Brasileiros são premiados pela American Academy of Neurology

Fonte Agência Fapesp 25/05/2012 às 9h

Brasileiros são premiados pela American Academy of Neurology

Cinco pesquisadores brasileiros tiveram seus trabalhos premiados durante a 64ª Reunião Anual da American Academy of Neurology, realizada entre os dias 21 e 28 de abril na cidade de Nova Orleans, nos Estados Unidos.

Ao todo, 17 cientistas foram destacados no evento, que é o mais importante da área de neurologia. Todos os brasileiros são da Faculdade de Ciências Médicas da Universidade Estadual de Campinas (Unicamp) e foram premiados na categoria “International Scholarship Award”.
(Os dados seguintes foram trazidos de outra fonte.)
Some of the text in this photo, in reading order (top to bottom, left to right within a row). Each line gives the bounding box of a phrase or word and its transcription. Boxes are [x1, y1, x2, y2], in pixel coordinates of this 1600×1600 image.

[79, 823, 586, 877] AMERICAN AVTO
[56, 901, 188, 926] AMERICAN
Um dos estudos em destaque foi o de Felipe Von Glehn, que permitiu entender melhor a resposta inflamatória autoimune do sistema nervoso central que ocorre em portadores de esclerose múltipla. A pesquisa contou com apoio da FAPESP e foi coordenada por Carlos Otávio Brandão.
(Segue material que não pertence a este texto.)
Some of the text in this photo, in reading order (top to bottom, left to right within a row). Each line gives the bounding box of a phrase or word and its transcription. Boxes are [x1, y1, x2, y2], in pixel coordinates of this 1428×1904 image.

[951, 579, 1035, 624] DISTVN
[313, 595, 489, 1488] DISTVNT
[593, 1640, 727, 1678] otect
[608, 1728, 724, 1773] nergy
Jaira Vasconcellos foi premiada por seu trabalho de pós-doutorado. O estudo analisou a expressão gênica em pacientes com epilepsia refratária a tratamento medicamentoso. O projeto, também financiado pela FAPESP, foi coordenado por Iscia Lopes-Cendes.

Danyella Barbosa Dogini foi premiada pelo projeto de pós-doutorado “Padrão de expressão dos microRNAs 9 e 206 em pacientes com esclerose lateral amiotrófica”. A pesquisa comparou tecido de portadores da doença com tecidos de pessoas saudáveis e revelou alterações em pequenas moléculas de RNA que regulam a expressão gênica. A descoberta, se confirmada, pode representar um biomarcador para a doença.

Também foi destaque o projeto de mestrado de Karen Takazaki, orientado pelo professor Marcondes Cavalcante França Júnior. A pesquisadora investigou a variação da frequência cardíaca em pacientes com ataxia espinocerebelar tipo 3, doença degenerativa que afeta a medula espinhal e causa atrofia muscular.

Por último, Cynthia Bonilha foi premiada pela pesquisa realizada durante seu mestrado, que avaliou fatores que influenciam na severidade dos casos da doença neurodegenerativa ataxia de Friedreich. O trabalho também foi orientado por França Júnior.